Feb 22, 2011

Some trends in the effort to make art accessible

I began the research component of this project some time ago, and in my exploration of the accommodations currently available to the visually impaired in American art institutions, I have discovered a variety of experimental services.  Having been to museums with my mother countless times since I was a child, I am familiar with the kind of issues she encounters while trying to interact with a museum exhibition along with the sighted public.  Being familiar with the specific problems she experiences in art museums as a blind "viewer," I can understand how the services currently being developed and already offered at some institutions came into being, and seem like somewhat logical solutions.  For example, every time we visit a museum together, I often end up describing the composition of artworks to my mother, who then uses my visual description and what she can make out with her limited vision to try to come to an understanding of the piece.  Often she will squint at the piece on the wall, using her finger to outline what she can see, remarking to me "Ah, I see a red blob over on the right side," or "I think I see a face, is this a portrait?"  Often, in the midst of my visual descriptions she will excitedly find a visual reference and exclaim "Oh! I see it! I get it!"  From these experiences with my mother I can understand exactly why extremely detailed auto description programs would be of assistance to the visually impaired visitors of a museum.  In fact a small number of museums either have specialized tours with extra visual description available, or in some cases allow their visually impaired patrons to use their general audio guides for free.

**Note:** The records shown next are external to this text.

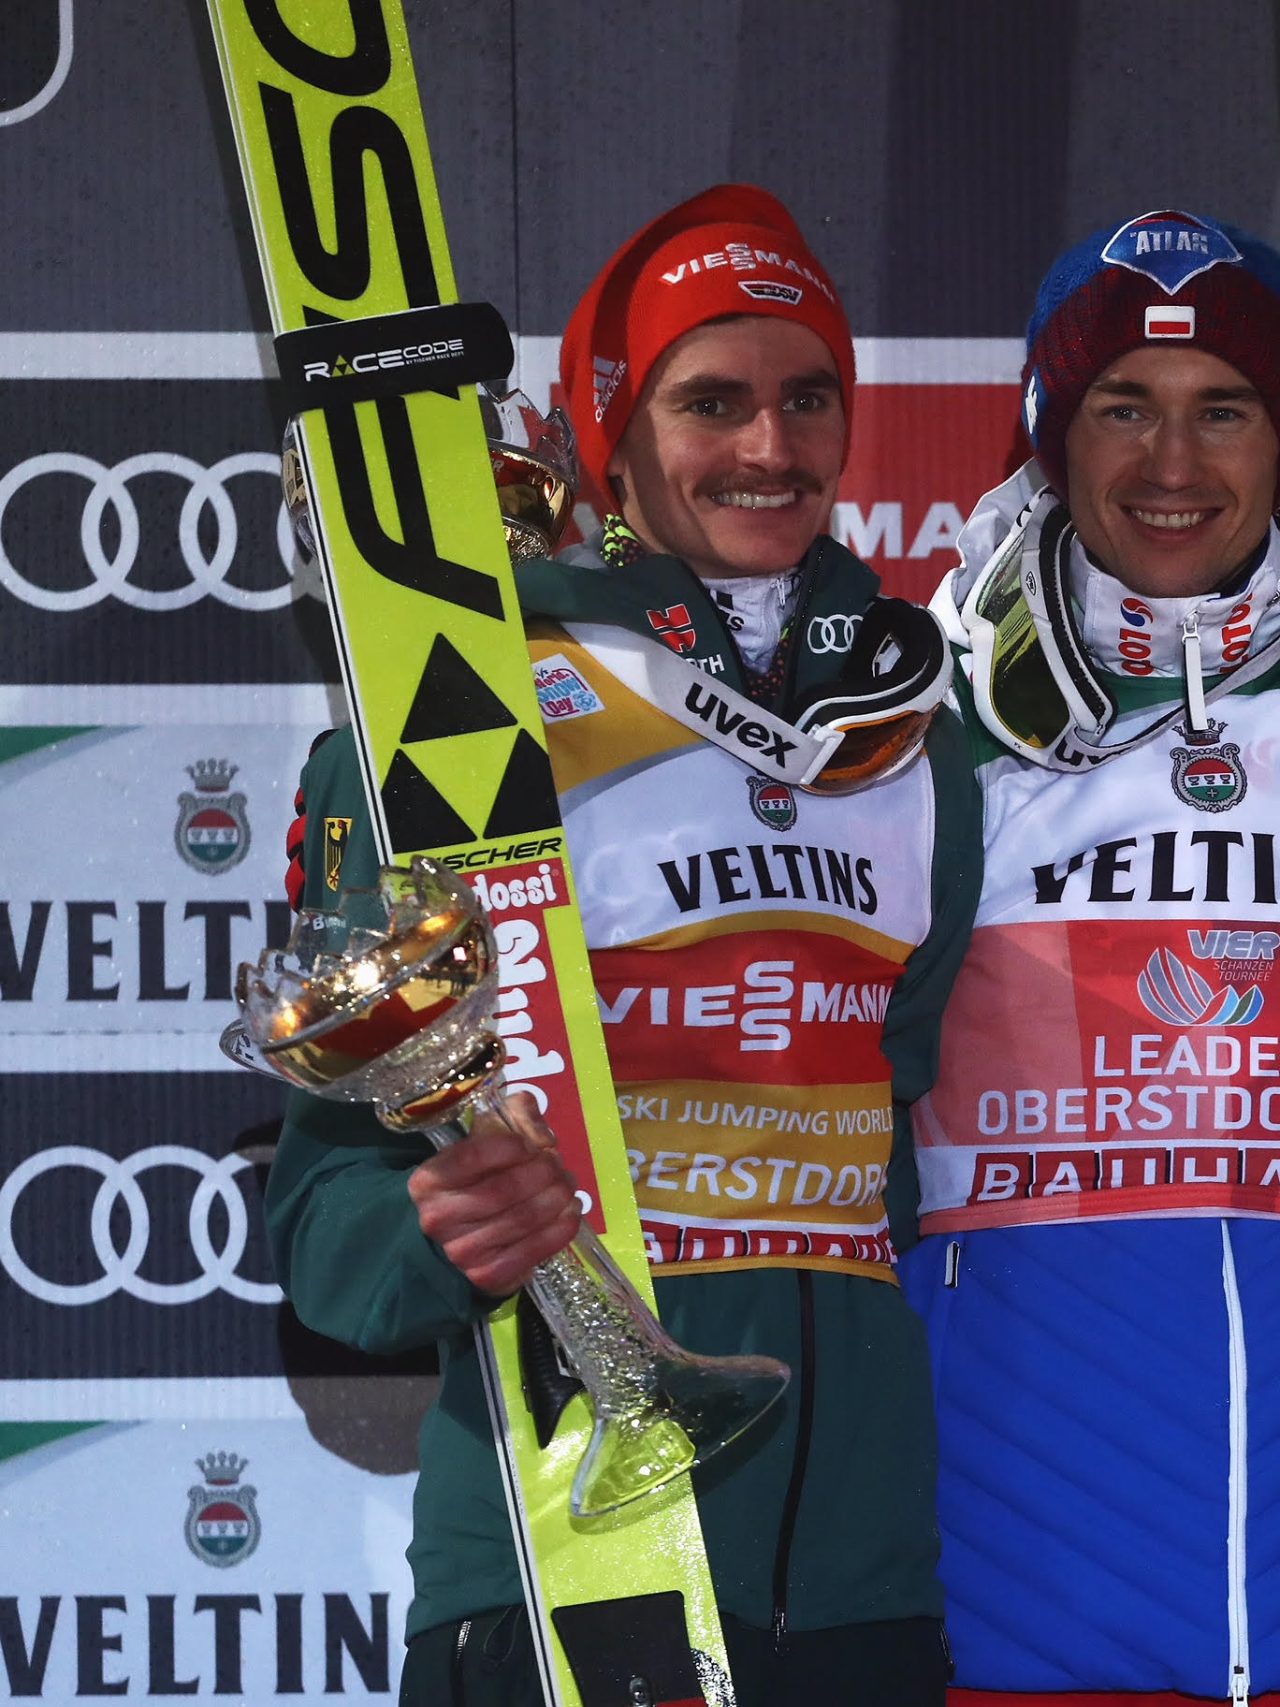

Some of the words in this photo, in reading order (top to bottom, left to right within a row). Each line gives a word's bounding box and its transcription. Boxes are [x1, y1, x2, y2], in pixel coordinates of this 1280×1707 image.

[684, 682, 798, 768] uvex
[657, 844, 878, 916] VELTINS
[1187, 930, 1280, 960] VIER
[1213, 961, 1273, 971] SCHANZEN
[1219, 971, 1271, 981] TOURNEE
[617, 1094, 668, 1122] SKI
[677, 1101, 829, 1135] JUMPING

Another tool currently being tested in the field are tactile cards that attempt to translate the composition and palette of well-known pieces into a tactile experience.  This particular project I find to be more problematic.  Trying to reduce what is an entirely visual experience into a condensed, tactile version does not seem to me to be a real solution.  While braile works as a communication tool for the blind, it is an entirely new language that must be learned like a 2nd language.  Translating a visual experience into a tactile one that cannot embody nearly the amount of detail seems like a second-rate experience of the work.  While it could be helpful to people like my mother, who have a very limited amount of sight left, it does not replace the visual experience with one equally as meaningful.  That is where PLEASE TOUCH THE ARTWORK hopes to intervene.
As opposed to focusing on ways to replace the visual experience, or translate it from one sense to another, PLEASE TOUCH THE ARTWORK aims to put on display art works that operate within a multi-sensory vocabulary from the beginning, so nothing is lost in translation.